## Task requirements
Transcribe the entries below exactly.

━━ Data shown ━━

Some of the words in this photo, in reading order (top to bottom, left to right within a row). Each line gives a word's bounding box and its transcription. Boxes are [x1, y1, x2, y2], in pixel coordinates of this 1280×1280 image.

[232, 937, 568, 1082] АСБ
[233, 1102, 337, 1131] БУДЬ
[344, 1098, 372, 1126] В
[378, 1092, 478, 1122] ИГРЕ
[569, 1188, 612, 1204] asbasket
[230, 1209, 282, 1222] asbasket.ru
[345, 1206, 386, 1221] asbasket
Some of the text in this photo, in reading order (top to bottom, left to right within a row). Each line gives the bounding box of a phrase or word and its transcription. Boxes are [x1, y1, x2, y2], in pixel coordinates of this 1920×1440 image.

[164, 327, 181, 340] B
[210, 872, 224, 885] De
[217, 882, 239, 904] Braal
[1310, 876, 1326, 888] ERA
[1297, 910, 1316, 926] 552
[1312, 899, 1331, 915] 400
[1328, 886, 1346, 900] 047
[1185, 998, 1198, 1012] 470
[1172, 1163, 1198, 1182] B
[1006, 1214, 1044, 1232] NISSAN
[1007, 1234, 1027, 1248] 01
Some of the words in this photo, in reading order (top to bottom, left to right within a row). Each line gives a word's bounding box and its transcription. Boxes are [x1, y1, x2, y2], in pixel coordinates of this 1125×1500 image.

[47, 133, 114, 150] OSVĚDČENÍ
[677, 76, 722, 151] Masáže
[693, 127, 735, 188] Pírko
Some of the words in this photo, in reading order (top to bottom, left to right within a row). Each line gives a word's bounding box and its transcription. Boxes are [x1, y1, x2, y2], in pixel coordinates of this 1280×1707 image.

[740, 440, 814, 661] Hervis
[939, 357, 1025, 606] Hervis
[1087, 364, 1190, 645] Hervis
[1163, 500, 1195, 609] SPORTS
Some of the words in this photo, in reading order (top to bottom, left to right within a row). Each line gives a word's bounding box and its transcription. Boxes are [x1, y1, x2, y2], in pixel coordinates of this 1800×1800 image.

━━━

## Finished exercise
Some of the words in this photo, in reading order (top to bottom, left to right within a row). Each line gives a word's bounding box and its transcription. Boxes are [x1, y1, x2, y2], in pixel coordinates of this 1280×1280 image.

[232, 937, 568, 1082] АСБ
[233, 1102, 337, 1131] БУДЬ
[344, 1098, 372, 1126] В
[378, 1092, 478, 1122] ИГРЕ
[569, 1188, 612, 1204] asbasket
[230, 1209, 282, 1222] asbasket.ru
[345, 1206, 386, 1221] asbasket
Some of the text in this photo, in reading order (top to bottom, left to right within a row). Each line gives the bounding box of a phrase or word and its transcription. Boxes are [x1, y1, x2, y2], in pixel coordinates of this 1920×1440 image.

[164, 327, 181, 340] B
[210, 872, 224, 885] De
[217, 882, 239, 904] Braal
[1310, 876, 1326, 888] ERA
[1297, 910, 1316, 926] 552
[1312, 899, 1331, 915] 400
[1328, 886, 1346, 900] 047
[1185, 998, 1198, 1012] 470
[1172, 1163, 1198, 1182] B
[1006, 1214, 1044, 1232] NISSAN
[1007, 1234, 1027, 1248] 01
Some of the words in this photo, in reading order (top to bottom, left to right within a row). Each line gives a word's bounding box and its transcription. Boxes are [x1, y1, x2, y2], in pixel coordinates of this 1125×1500 image.

[47, 133, 114, 150] OSVĚDČENÍ
[677, 76, 722, 151] Masáže
[693, 127, 735, 188] Pírko
Some of the words in this photo, in reading order (top to bottom, left to right within a row). Each line gives a word's bounding box and its transcription. Boxes are [x1, y1, x2, y2], in pixel coordinates of this 1280×1707 image.

[740, 440, 814, 661] Hervis
[939, 357, 1025, 606] Hervis
[1087, 364, 1190, 645] Hervis
[1163, 500, 1195, 609] SPORTS
Some of the words in this photo, in reading order (top to bottom, left to right within a row). Each line gives a word's bounding box and its transcription. Boxes are [x1, y1, x2, y2], in pixel coordinates of this 1800×1800 image.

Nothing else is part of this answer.